Leaking roofs, paint that peeled off the asbestos ceiling in adult wards and live wires that hung loose from open electric plugs in children’s wards were but some of the Public Protector’s observations.
She also noted overcrowding, understaffing, unhygienic surroundings, shortages of medicine and important equipment, including incubators, ventilators and blood pressure meters.
Dr Sandile Mfenyana, CEO of the hospital, who attended the meeting on Tuesday, had not been present on Monday when the Public Protector and her deputy, Adv.
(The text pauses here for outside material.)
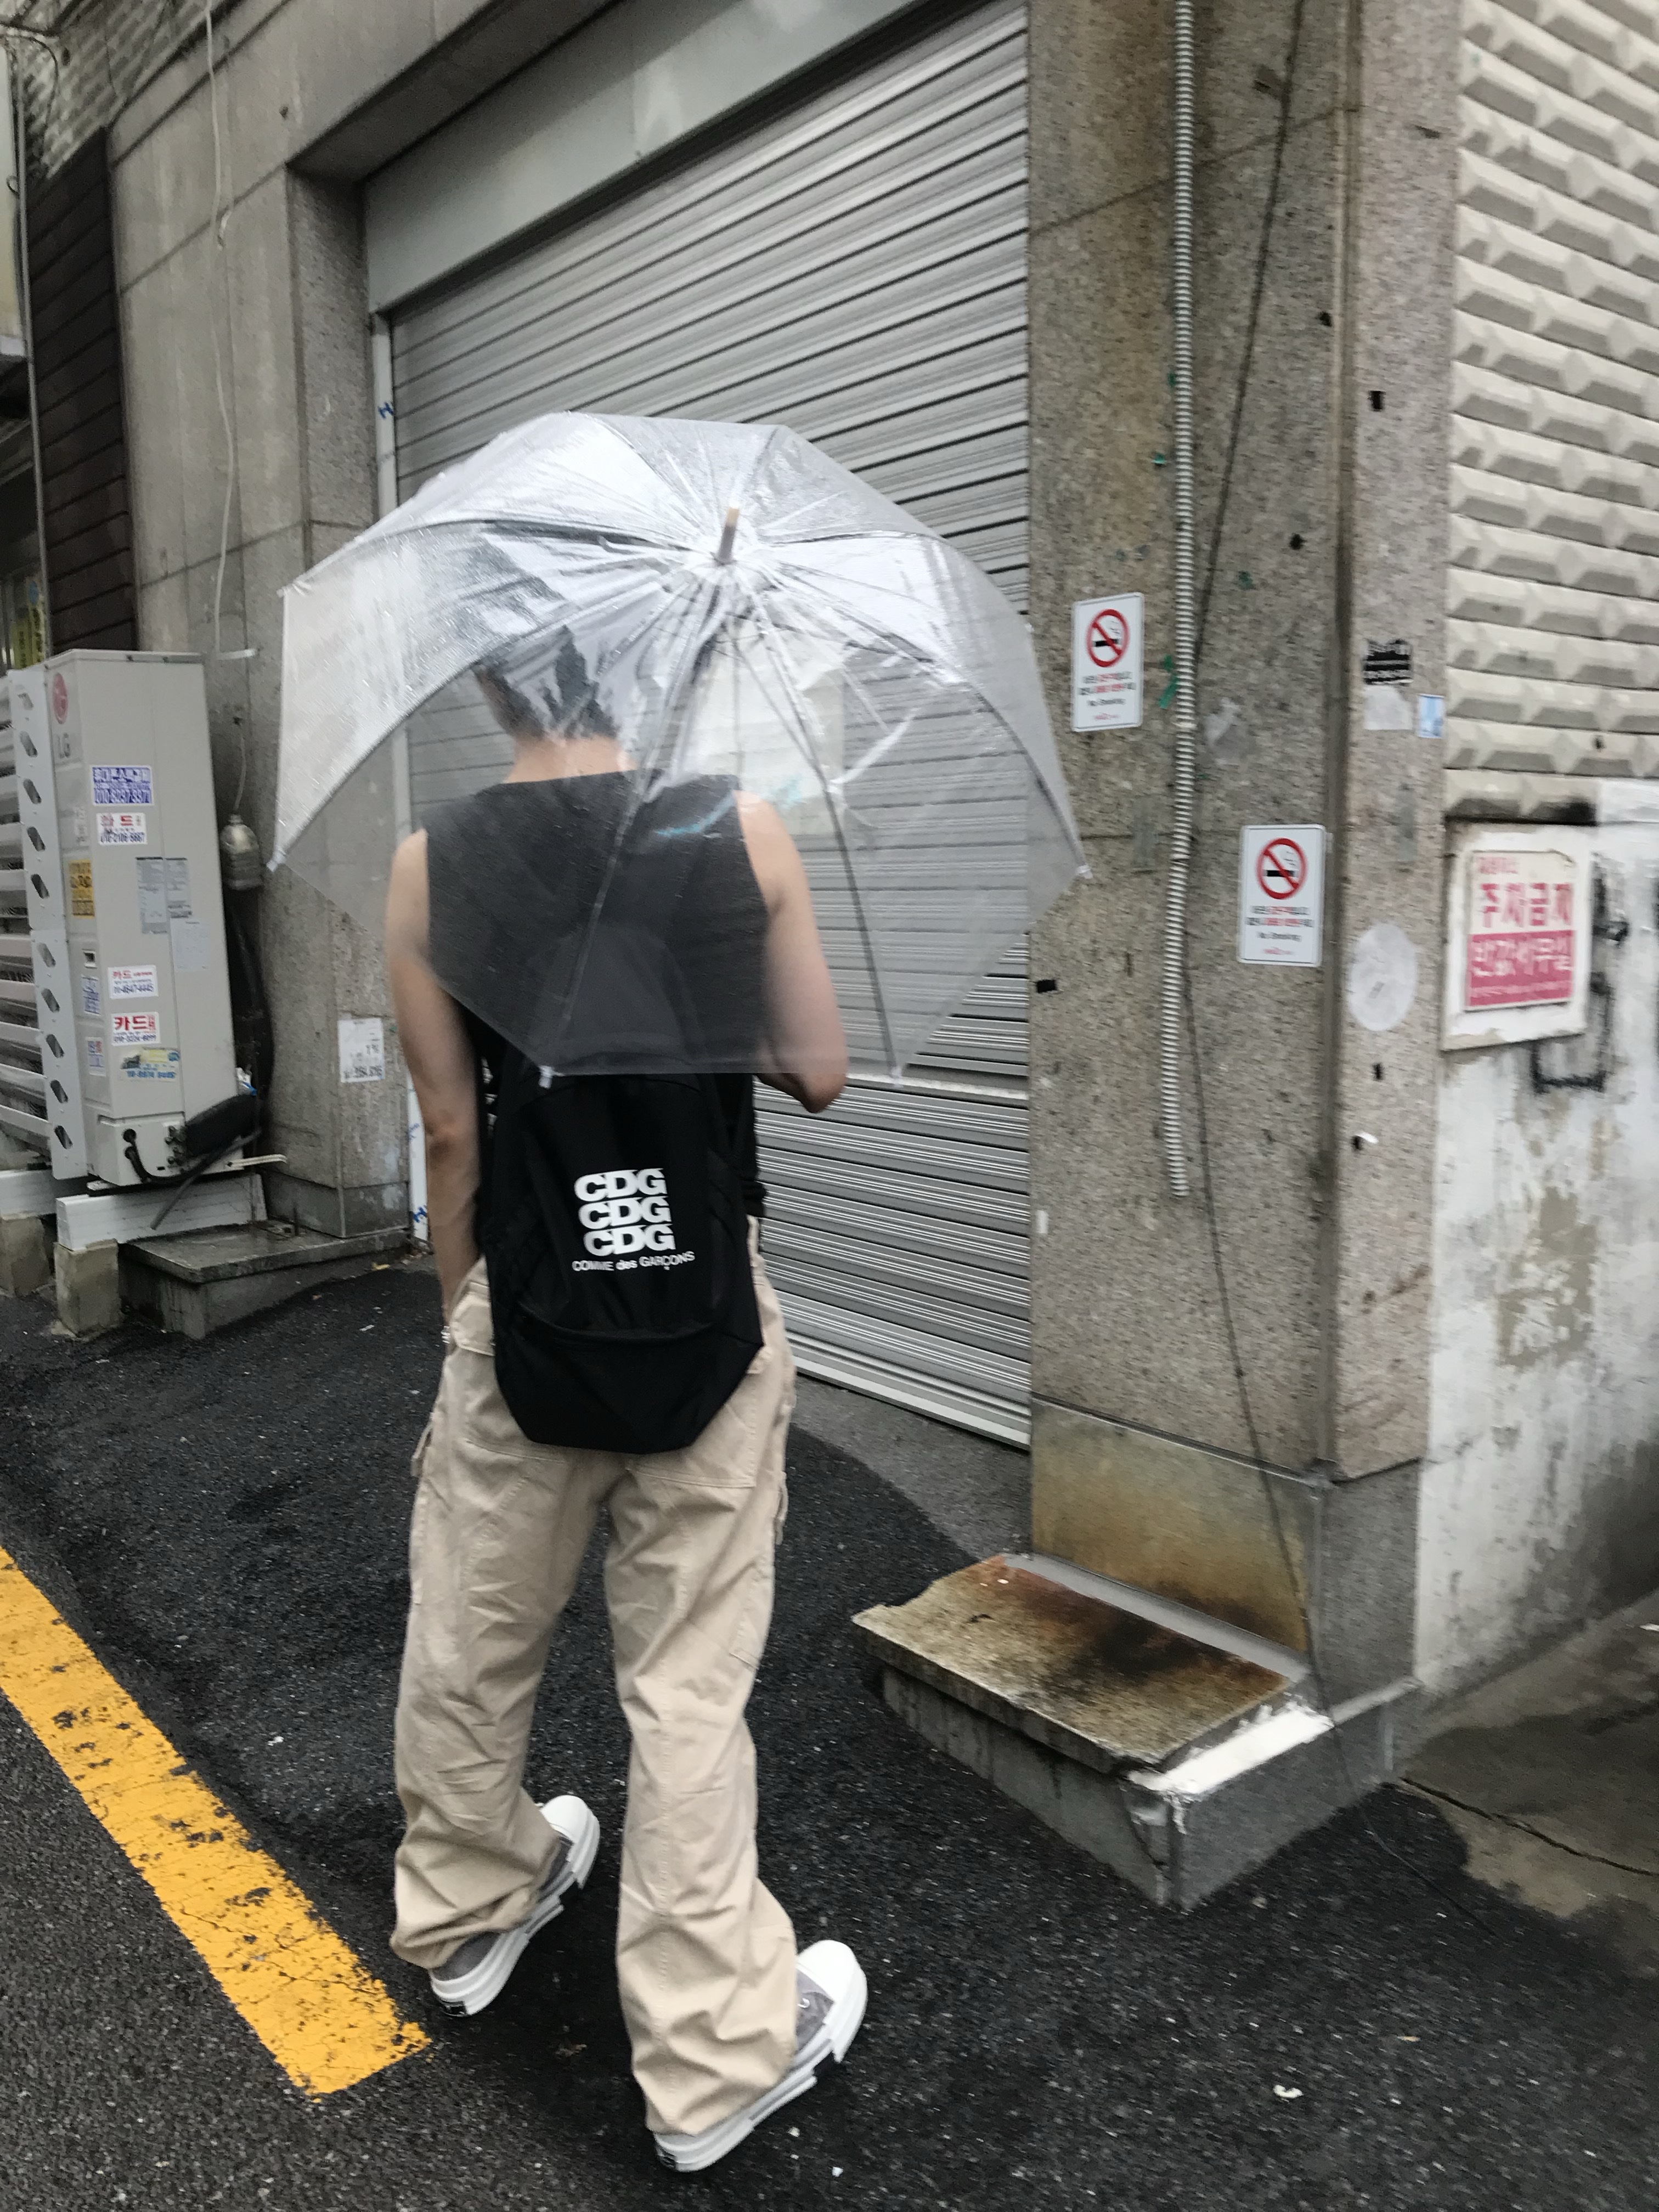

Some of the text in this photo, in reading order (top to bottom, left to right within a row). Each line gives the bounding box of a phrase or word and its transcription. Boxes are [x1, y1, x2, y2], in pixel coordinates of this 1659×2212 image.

Kevin Malunga, arrived unannounced at the hospital to interact with patients and staff.
The visit was part of evidence-gathering for the Public Protector’s systemic investigation into allegations of irregularities and inefficiencies in the procurement of hospital medicines and equipment.
The visit also formed part of the Public Protector’s on-going dialogue, which focuses on strengthening government's ability to deliver on Millennium Development Goals, with a particular emphasis on improving healthcare services and eradicating poverty.
“We understand that there is not money to fix everything and that plans are afoot to attend to some of the problems,” the Public Protector said. “But we ask the CEO to urgently attend to matters that do not require [a lot of] money to fix such as the blood-stained walls and the asbestos issue.”
Dr Mfenyana had earlier acknowledged the challenges facing the hospital, announcing that measures had been put in place to address some of the issues and that the facility’s management enjoyed the support of the National Department of Health on its plans.
“We commit that, working within the resources we have, we will not fail the people of Gauteng,” he told the meeting.
The Public Protector emerged from meeting with mixed bag of complaints, ranging from attitudes of health care staff at hospitals and clinics across the province to long waiting periods for services at the facilities.
The plight of an NGO that takes care of the mentally ill also came to the fore, with a representative complaining that the Department of Health had failed to pay them for seven months and that when the department eventually paid, it did not include interest.
Complaints relating to the provision of low-cost housing were also among the many reported on the day; and so were issues pertaining to the plight of people with disabilities in terms of accessing assistive devices such as prosthetics and wheelchairs.
Other complaints related to alleged harassment of informal traders by the Johannesburg Metro Police, discrimination against foreign nationals at medical facilities and licensing problems for liquor traders.
The Public Protector told complainants that her office would investigate the serious matters and follow up with provincial and municipal authorities on the undertakings they had made during the meeting to attend to the matters raised.
She will engage with the provincial legislature on Wednesday at 09H00, before proceeding to the Orange Farm Multi-Purpose Community Hall at 14:00, where she will dialogue with locals.